Casarano tra sogno e realtà: settimi sì, ma è il momento delle riflessioni vere
Dopo sedici giornate di campionato, il Casarano Calcio è settimo nel girone C di Serie C con sette vittorie, tre pareggi e sei sconfitte. Un piazzamento che, visto il ritorno tra i professionisti dopo ventisette anni, resta positivo. Ma il calcio, si sa, non è solo classifica: è percorso, identità, continuità. Ed è proprio guardando al cammino compiuto finora che nasce più di una riflessione.
L’inizio di stagione aveva acceso l’entusiasmo. La vittoria contro il Benevento, il pareggio contro la Salernitana sfiorando l’impresa, le prestazioni coraggiose avevano dipinto l’immagine di un Casarano brillante e spensierato. Per buona parte del campionato, i rossazzurri hanno viaggiato stabilmente in quarta posizione, sorprendendo tutti e affacciandosi con merito nelle zone alte della classifica. Nel segno del suo Percorso.
Percorso, una parola spesso ripetuta da mister Di Bari. Un concetto legato all’identità, alle convinzioni, alla crescita. Perché si può anche perdere, ma farlo seguendo le proprie idee dà comunque un senso alle sconfitte. Nelle settimane più difficili, però, la sensazione è stata diversa: come se quel percorso, a un certo punto, si fosse smarrito. Non solo nei risultati, ma anche nelle prestazioni, dove il Casarano è apparso meno riconoscibile rispetto a quello che aveva incantato all’inizio.
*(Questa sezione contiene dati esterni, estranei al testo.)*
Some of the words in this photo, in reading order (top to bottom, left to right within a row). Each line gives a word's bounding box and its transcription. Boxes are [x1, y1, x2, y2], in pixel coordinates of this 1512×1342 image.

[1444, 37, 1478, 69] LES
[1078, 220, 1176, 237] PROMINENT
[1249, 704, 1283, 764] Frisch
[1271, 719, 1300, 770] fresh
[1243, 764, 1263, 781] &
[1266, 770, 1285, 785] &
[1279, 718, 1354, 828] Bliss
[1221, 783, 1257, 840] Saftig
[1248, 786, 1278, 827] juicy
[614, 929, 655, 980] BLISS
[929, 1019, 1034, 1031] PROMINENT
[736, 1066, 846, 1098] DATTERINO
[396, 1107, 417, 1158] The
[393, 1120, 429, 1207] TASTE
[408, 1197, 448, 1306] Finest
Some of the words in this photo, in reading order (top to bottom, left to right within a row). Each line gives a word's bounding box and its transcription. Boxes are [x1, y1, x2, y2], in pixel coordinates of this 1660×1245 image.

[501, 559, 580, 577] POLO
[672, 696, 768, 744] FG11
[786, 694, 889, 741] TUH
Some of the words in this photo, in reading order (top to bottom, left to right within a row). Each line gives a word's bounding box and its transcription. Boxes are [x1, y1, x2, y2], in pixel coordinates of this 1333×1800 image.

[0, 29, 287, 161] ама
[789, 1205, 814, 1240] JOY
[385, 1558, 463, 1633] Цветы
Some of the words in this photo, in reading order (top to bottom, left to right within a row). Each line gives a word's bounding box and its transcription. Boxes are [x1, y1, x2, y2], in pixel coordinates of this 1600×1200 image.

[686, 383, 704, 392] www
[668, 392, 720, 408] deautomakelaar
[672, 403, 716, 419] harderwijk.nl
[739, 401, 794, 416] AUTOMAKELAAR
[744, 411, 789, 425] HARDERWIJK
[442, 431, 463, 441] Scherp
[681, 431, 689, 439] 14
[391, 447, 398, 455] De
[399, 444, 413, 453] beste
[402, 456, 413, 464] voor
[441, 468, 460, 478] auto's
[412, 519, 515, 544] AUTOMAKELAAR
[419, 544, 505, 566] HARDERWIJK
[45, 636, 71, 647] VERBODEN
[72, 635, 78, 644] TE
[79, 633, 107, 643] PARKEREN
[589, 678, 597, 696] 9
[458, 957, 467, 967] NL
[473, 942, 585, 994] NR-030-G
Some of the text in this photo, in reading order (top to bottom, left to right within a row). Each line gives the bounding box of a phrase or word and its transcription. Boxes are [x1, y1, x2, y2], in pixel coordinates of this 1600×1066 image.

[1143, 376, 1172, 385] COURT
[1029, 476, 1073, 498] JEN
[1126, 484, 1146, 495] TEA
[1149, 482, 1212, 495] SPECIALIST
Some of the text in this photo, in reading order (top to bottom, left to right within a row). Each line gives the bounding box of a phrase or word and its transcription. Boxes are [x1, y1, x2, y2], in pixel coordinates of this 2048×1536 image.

Il periodo nero è stato pesante: cinque sconfitte consecutive tra campionato e Coppa Italia e, soprattutto, tanti gol subiti. I numeri parlano chiaro: 29 reti incassate in 16 partite sono troppe. Sono numeri da bassa classifica, se si pensa che la peggior difesa del girone ne ha subite poco più di trenta e che le squadre impegnate nella lotta salvezza viaggiano su cifre addirittura minori.
La reazione, però, non è mancata. La vittoria contro il Catania ha ridato ossigeno, seguita da un altro successo importante. Sembrava l’inizio della svolta, ma l’ultima sconfitta per 3-1 a Potenza, con il gol subito dopo appena un minuto, ha riportato a galla tutte le fragilità già viste.
E allora la domanda nasce spontanea: quale Casarano siamo davvero? Quello che per settimane ha stazionato al quarto posto, sorprendendo per gioco e personalità, oppure quello fragile, che subisce troppo e fatica a trovare continuità? Oggi la classifica dice settimo posto, ma la realtà racconta anche altro.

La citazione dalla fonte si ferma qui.